## WHAT THE TASK REQUIRES:
What is needed here is an exact printout of the data, with no pictures included.
---------- PROVIDED DATA ----------
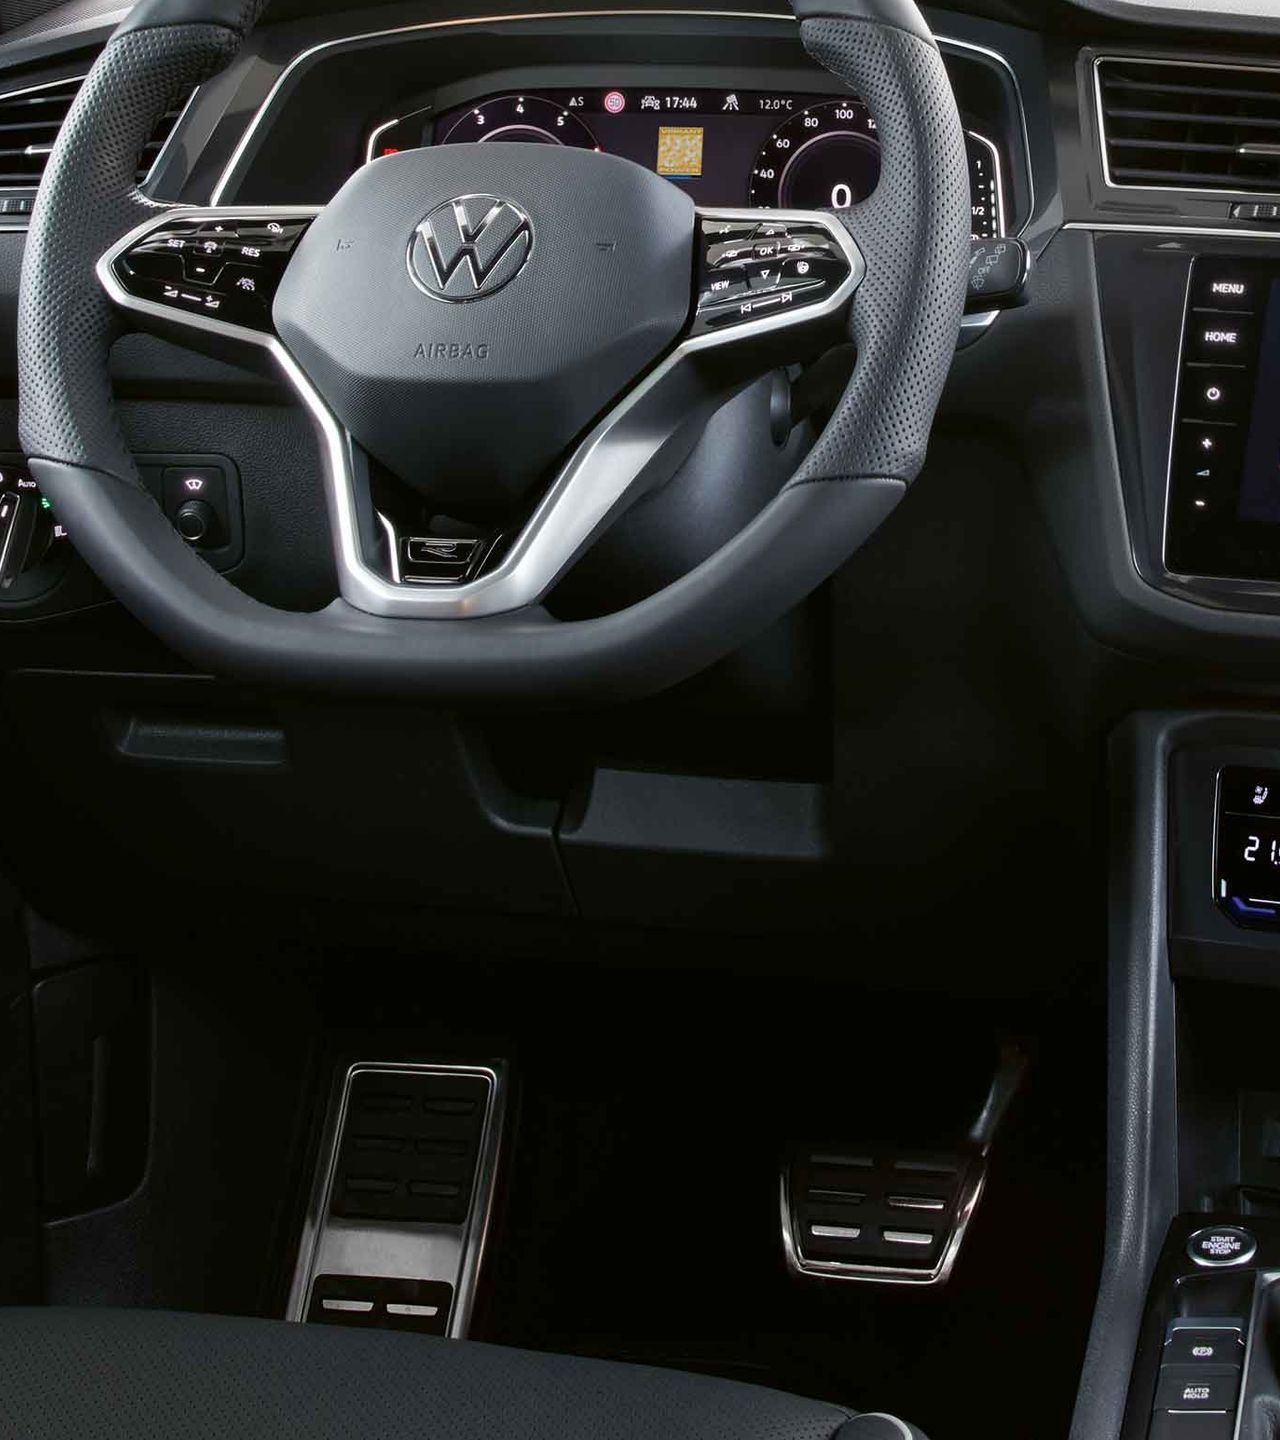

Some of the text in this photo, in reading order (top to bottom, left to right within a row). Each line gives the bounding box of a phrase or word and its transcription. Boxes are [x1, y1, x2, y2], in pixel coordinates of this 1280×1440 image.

[515, 103, 524, 114] 4
[665, 97, 698, 109] 17:44
[476, 114, 485, 125] 3
[834, 108, 854, 120] 100
[556, 115, 565, 127] 5
[804, 116, 819, 128] 80
[775, 137, 790, 150] 60
[759, 168, 775, 179] 40
[831, 183, 852, 210] 0
[971, 206, 985, 216] 1/2
[167, 238, 186, 248] SET
[241, 247, 261, 258] RES
[759, 246, 775, 256] OK
[710, 280, 730, 292] VIEW
[1212, 282, 1245, 295] MENU
[1204, 331, 1237, 344] HOME
[414, 342, 490, 360] AIRBAG
[1210, 1235, 1236, 1243] START
[1201, 1241, 1242, 1250] ENGINE
----------
## SOLUTION TO THIS EXERCISE:
Some of the text in this photo, in reading order (top to bottom, left to right within a row). Each line gives the bounding box of a phrase or word and its transcription. Boxes are [x1, y1, x2, y2], in pixel coordinates of this 1280×1440 image.

[515, 103, 524, 114] 4
[665, 97, 698, 109] 17:44
[476, 114, 485, 125] 3
[834, 108, 854, 120] 100
[556, 115, 565, 127] 5
[804, 116, 819, 128] 80
[775, 137, 790, 150] 60
[759, 168, 775, 179] 40
[831, 183, 852, 210] 0
[971, 206, 985, 216] 1/2
[167, 238, 186, 248] SET
[241, 247, 261, 258] RES
[759, 246, 775, 256] OK
[710, 280, 730, 292] VIEW
[1212, 282, 1245, 295] MENU
[1204, 331, 1237, 344] HOME
[414, 342, 490, 360] AIRBAG
[1210, 1235, 1236, 1243] START
[1201, 1241, 1242, 1250] ENGINE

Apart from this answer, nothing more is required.